Exercise details:
Every entry below is to be copied word for word, with its pictures removed.

Data extract:
_ _ _ _
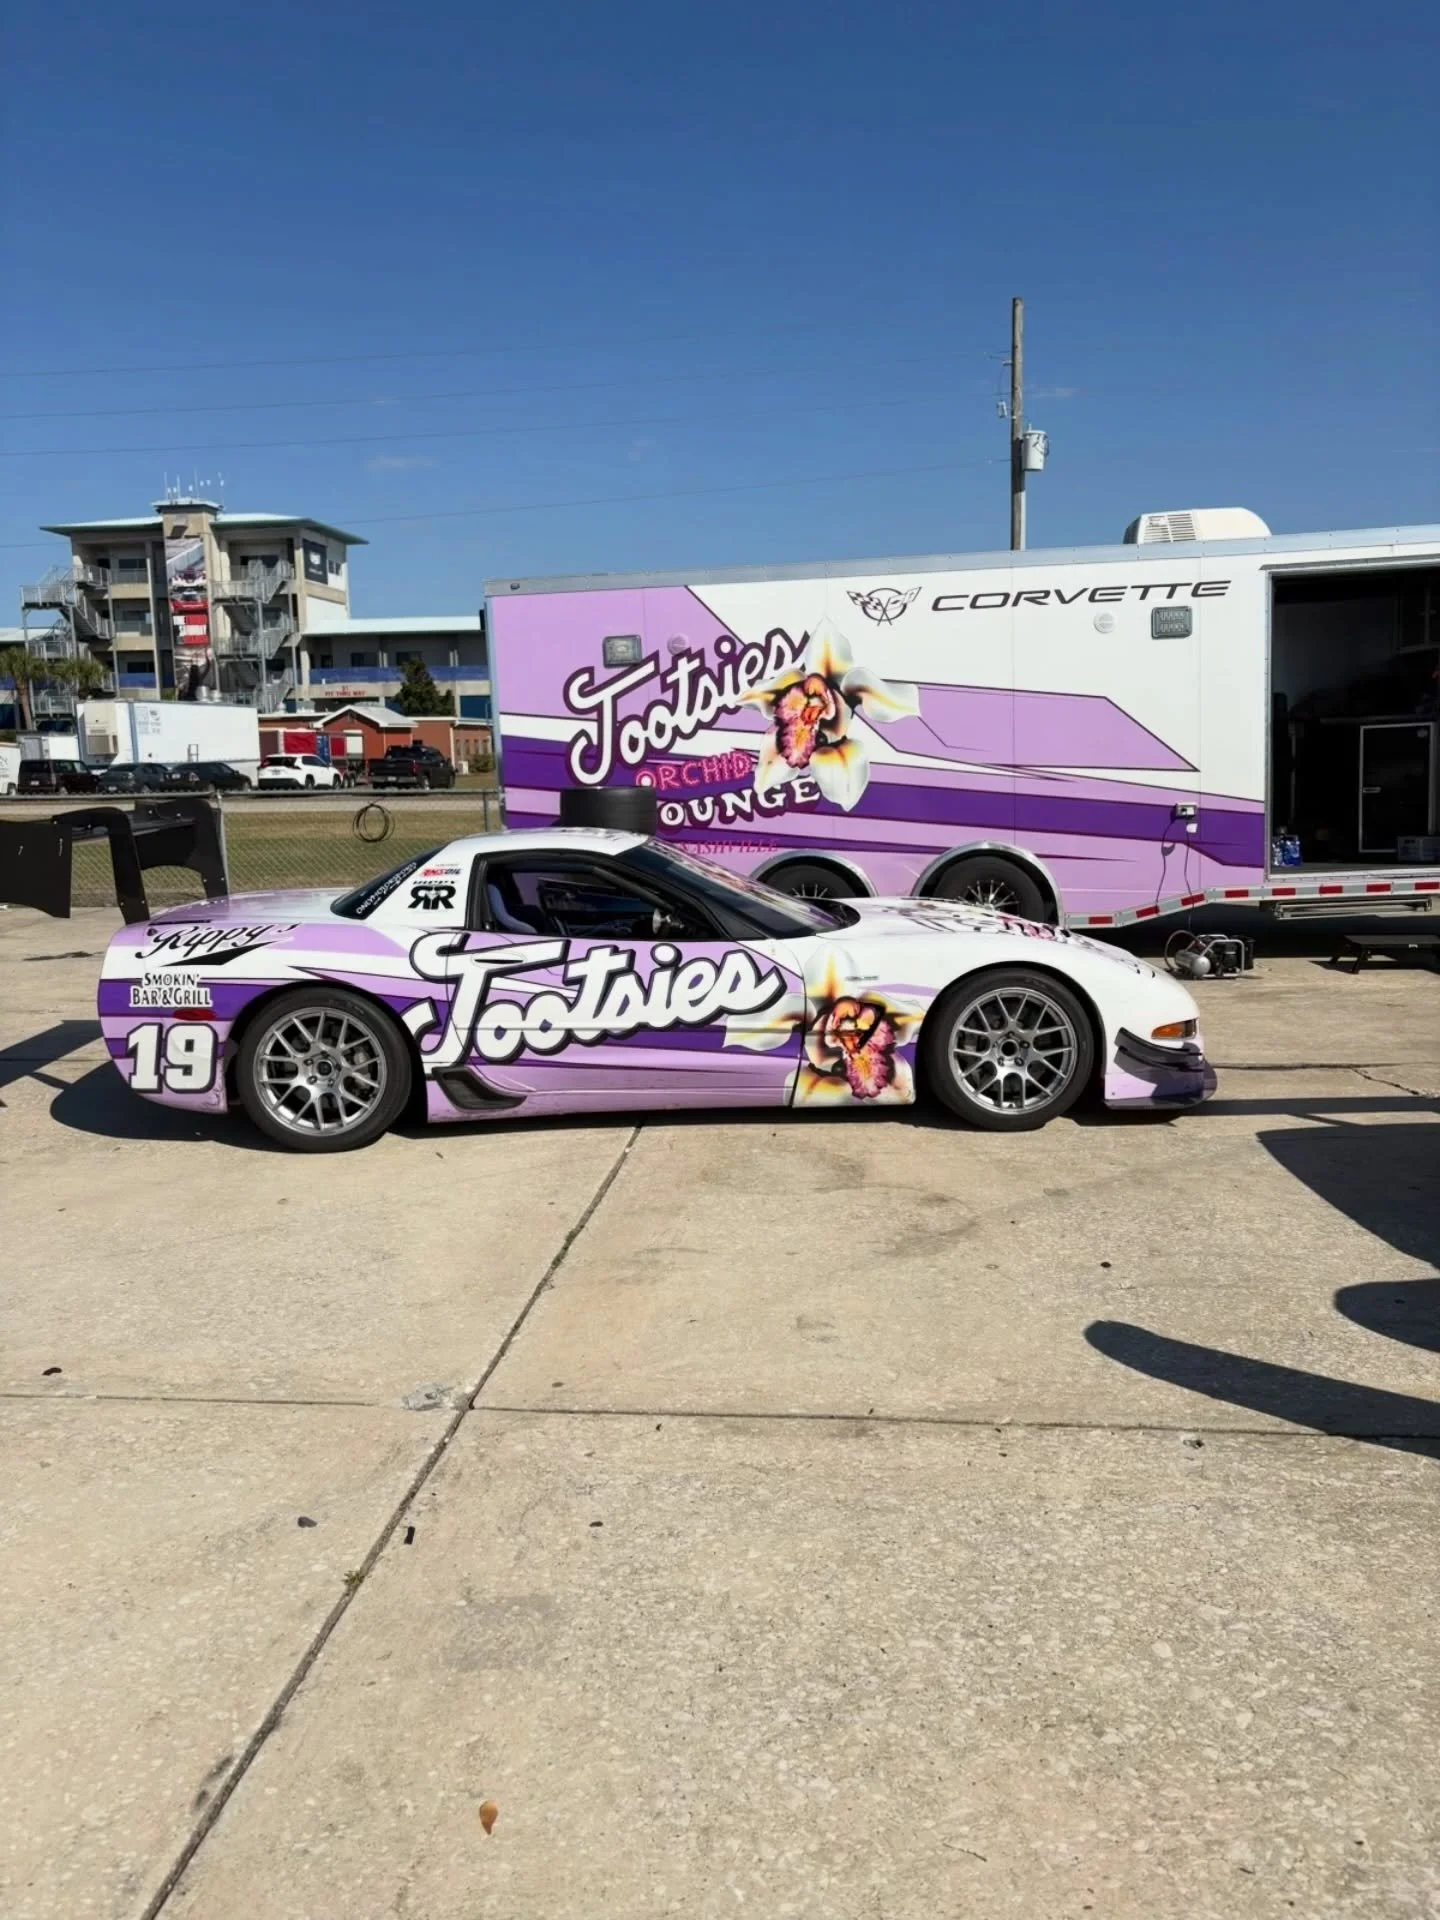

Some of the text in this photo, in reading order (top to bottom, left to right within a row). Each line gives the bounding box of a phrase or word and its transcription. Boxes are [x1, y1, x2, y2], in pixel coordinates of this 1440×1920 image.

[931, 580, 1232, 611] CORVETTE
[563, 628, 810, 786] Tootsies
[635, 750, 754, 791] ORCHID
[659, 775, 822, 828] OUNGE
[402, 931, 788, 1067] Tootsies
[126, 1022, 219, 1094] 19
_ _ _ _
Task response:
Some of the text in this photo, in reading order (top to bottom, left to right within a row). Each line gives the bounding box of a phrase or word and its transcription. Boxes are [x1, y1, x2, y2], in pixel coordinates of this 1440×1920 image.

[931, 580, 1232, 611] CORVETTE
[563, 628, 810, 786] Tootsies
[635, 750, 754, 791] ORCHID
[659, 775, 822, 828] OUNGE
[402, 931, 788, 1067] Tootsies
[126, 1022, 219, 1094] 19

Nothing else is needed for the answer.